La préface, intitulée « Les femmes et le roman », réfléchit à l’évolution du rôle des femmes dans la création littéraire. Elle y présente plusieurs arguments qu’elle développera dans Une Chambre à soi. Qu’est-ce qui fait que l’on peut lire des oeuvres de femmes à certaines époques et pas à d’autres ? Virginia Woolf invoque les conditions matérielles et d’émancipation nécessaires pour que les humains, y compris les femmes, puissent créer.

« Ainsi, il apparaît clairement que l’extraordinaire effervescence que connut la fiction au début du XIXème en Angleterre fut préparée par une profusion d’infimes changements dans les lois, les coutumes et les moeurs. Sans oublier que les femmes du XIXè siècle avaient un peu de temps à elles ; et avaient reçu une éducation. Il n’était plus exceptionnel de voir les femmes des classes moyennes et supérieures choisir leur mari. Et l’on doit souligner que parmi les quatre grandes romancières de la période - Jane Austen, Emily Brontë, Charlotte Brontë et George Eliot - pas une n’eut d’enfant et que deux ne se marièrent jamais. »

Elle mène une réflexion dense sur le contenu et le style même des oeuvres que créent ces femmes du XIXème siècle, et des circonstances qui les influencent ; réflexion qu’elle amène jusqu’à par l’horizon créateur qu’elle prédit aux femmes. Cet horizon constitue un quasi art poétique qui donne une clé de lecture pour les nouvelles qui vont suivre, et notamment dans ces merveilleux « esprit de poésie » et cette observation « impersonnelle et dépassionnée »  : 

« L’impersonnalité grandissante de la vie des femmes va favoriser l’esprit de poésie, et c’est cet esprit de poésie qui fait encore quelque peu défaut à la fiction des femmes. Il les amènera à être moins absorbées par les faits et à ne plus se satisfaire d’enregistrer avec une précision étonnante les plus infimes détails que la réalité porte à leur attention.

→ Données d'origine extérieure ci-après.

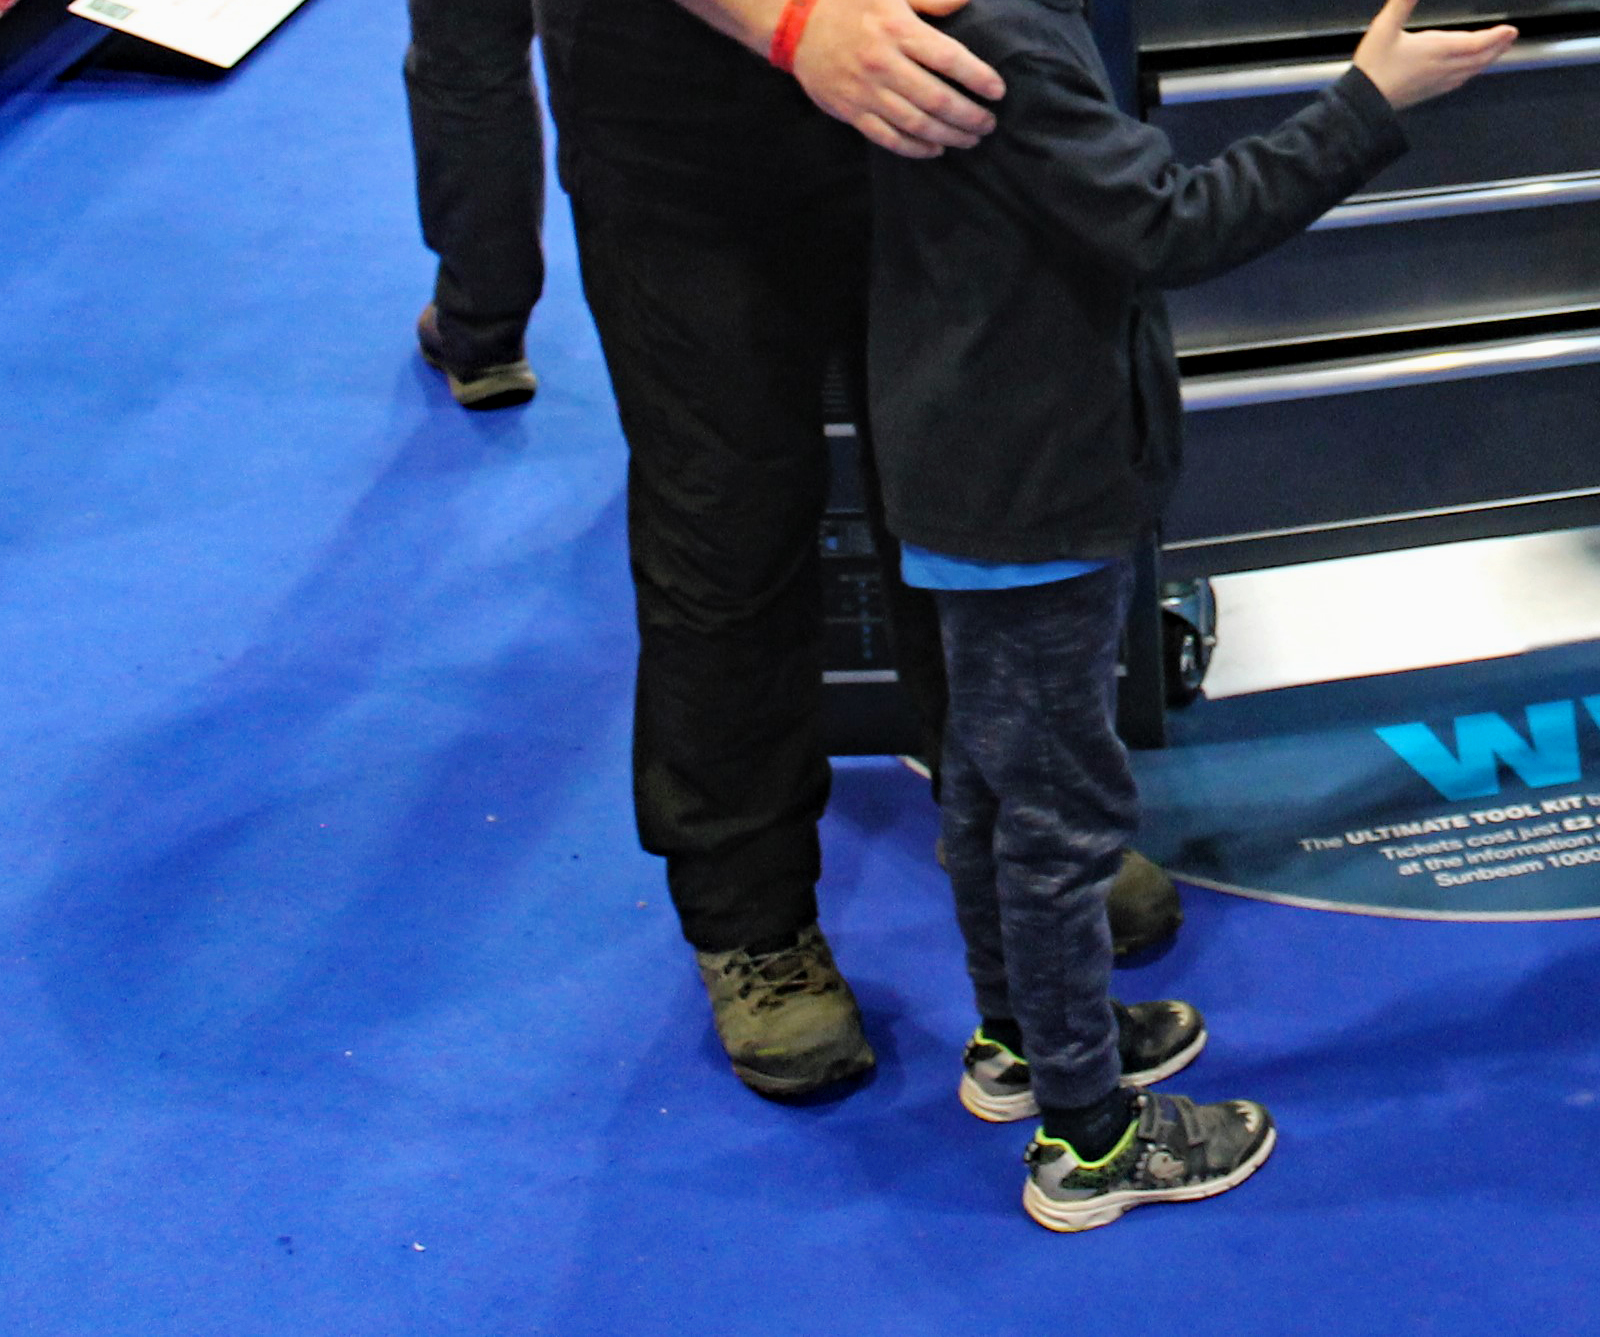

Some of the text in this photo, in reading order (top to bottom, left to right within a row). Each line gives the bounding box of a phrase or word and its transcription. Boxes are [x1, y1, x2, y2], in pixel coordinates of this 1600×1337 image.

Elles regarderont au-delà des relations personnelles et politiques, vers les questions plus vastes que le poète tente de résoudre - celles de notre destin et du sens de la vie. »

L’approche poétique se construit bien sûr, pour une large part, sur des choses matérielles. Elle requiert un peu de temps libre, un peu ‘argent, et la possibilité que confèrent revenus et loisirs d’observer les choses de manière impersonnelle et dépassionnée. »

Rêves de femmes. Six nouvelles. Virginia Woolf Précédé de l'essai Les femmes et le roman traduit et annoté par Catherine Bernard. Édition et trad. de l'anglais par Michèle Rivoire. Folio, Gallimard, 2018.

Virginia Woolf, née  le 25 janvier 1882 à Londres et morte le 28 mars 1941à Rodmell (Royaume-Uni), est une femme de lettres anglaise. Dans l'entre-deux-guerres, elle est une figure marquante de la société littéraire londonienne et un membre central du Bloomsbury Group, qui réunit des écrivains, artistes et philosophes anglais. Les romans Mrs Dalloway (1925), La Promenade au phare (1927) et Orlando (1928), ainsi que l'essai féministe Une chambre à soi (1929) demeurent parmi ses écrits les plus célèbres. En 1941, à l'âge de 59 ans, elle se suicide par noyade dans l'Ouse, près de Monk’s House, dans le village de Rodmell, où elle vivait avec son mari Leonard Woolf.